Task goal: From the listing below, count the lines where the string "gives" occurs. Give the number, with no other words.

Data for this task:

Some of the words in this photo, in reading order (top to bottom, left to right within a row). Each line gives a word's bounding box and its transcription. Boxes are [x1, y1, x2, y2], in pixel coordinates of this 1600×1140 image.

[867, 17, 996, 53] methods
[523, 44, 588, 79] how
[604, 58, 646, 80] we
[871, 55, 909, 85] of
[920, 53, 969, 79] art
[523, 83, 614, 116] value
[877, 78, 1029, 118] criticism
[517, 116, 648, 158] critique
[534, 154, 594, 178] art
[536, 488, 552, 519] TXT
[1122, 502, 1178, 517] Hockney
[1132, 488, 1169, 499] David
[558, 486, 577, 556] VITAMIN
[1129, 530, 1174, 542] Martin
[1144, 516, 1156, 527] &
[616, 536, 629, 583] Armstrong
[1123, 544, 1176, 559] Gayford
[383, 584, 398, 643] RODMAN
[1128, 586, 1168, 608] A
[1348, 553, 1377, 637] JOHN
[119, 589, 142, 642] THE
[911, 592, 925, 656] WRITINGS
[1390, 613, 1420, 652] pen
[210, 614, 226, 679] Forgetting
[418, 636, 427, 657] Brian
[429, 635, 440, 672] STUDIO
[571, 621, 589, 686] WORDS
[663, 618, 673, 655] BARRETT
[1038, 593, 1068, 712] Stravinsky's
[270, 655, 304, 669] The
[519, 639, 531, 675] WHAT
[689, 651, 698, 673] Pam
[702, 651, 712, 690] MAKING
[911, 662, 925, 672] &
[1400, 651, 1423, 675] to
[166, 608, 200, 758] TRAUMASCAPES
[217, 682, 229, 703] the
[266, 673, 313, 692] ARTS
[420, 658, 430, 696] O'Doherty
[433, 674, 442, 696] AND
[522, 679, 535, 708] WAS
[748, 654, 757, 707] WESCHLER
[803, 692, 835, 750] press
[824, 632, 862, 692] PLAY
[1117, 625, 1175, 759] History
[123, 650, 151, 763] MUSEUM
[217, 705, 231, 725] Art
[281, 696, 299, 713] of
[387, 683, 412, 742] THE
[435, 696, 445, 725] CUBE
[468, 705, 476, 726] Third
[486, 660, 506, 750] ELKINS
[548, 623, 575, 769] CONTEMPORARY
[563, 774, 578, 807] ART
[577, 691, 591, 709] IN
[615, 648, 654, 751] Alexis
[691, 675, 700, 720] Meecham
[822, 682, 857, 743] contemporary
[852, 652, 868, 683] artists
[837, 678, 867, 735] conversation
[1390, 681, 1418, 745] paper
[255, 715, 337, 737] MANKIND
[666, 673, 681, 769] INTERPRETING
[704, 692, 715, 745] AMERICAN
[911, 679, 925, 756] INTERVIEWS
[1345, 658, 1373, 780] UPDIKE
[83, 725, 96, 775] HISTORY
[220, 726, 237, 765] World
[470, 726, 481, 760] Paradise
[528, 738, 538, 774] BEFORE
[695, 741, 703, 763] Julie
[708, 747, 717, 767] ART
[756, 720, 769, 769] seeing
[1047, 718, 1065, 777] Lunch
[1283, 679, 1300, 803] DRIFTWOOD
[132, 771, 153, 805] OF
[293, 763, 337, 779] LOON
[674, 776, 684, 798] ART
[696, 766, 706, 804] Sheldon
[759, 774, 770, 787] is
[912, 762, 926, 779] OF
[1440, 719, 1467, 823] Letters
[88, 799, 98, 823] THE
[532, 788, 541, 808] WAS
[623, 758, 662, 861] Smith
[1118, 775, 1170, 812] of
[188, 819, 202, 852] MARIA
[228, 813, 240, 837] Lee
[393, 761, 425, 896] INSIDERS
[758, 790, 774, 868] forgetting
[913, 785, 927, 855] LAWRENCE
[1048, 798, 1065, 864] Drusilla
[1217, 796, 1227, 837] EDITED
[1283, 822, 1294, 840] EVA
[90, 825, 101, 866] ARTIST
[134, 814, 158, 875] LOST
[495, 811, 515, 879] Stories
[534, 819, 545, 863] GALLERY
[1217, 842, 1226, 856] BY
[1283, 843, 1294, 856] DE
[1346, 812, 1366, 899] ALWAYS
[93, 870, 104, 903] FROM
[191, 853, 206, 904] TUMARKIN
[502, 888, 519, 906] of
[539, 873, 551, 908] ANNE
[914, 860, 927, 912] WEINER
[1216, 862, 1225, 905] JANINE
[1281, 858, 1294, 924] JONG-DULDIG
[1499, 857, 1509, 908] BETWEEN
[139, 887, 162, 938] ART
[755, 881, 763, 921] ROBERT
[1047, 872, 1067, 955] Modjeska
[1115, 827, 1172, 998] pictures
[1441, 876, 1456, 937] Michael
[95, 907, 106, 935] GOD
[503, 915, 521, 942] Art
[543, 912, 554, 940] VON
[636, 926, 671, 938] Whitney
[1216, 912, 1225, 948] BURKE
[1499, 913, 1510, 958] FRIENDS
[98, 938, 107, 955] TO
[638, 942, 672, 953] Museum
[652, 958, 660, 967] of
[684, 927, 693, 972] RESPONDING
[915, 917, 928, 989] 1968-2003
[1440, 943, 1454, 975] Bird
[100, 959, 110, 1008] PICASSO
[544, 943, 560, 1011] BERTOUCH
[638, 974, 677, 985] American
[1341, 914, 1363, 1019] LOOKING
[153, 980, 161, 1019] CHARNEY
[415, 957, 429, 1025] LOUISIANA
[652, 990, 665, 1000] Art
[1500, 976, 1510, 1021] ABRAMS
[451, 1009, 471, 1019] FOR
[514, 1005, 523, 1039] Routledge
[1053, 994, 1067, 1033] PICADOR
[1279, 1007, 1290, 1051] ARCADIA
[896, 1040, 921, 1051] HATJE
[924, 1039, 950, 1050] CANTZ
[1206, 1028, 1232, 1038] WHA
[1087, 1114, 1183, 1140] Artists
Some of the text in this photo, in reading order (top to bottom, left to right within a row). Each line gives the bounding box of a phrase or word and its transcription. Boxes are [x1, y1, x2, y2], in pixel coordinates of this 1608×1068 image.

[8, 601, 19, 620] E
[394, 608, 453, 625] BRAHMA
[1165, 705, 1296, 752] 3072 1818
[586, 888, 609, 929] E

Result for this task: 2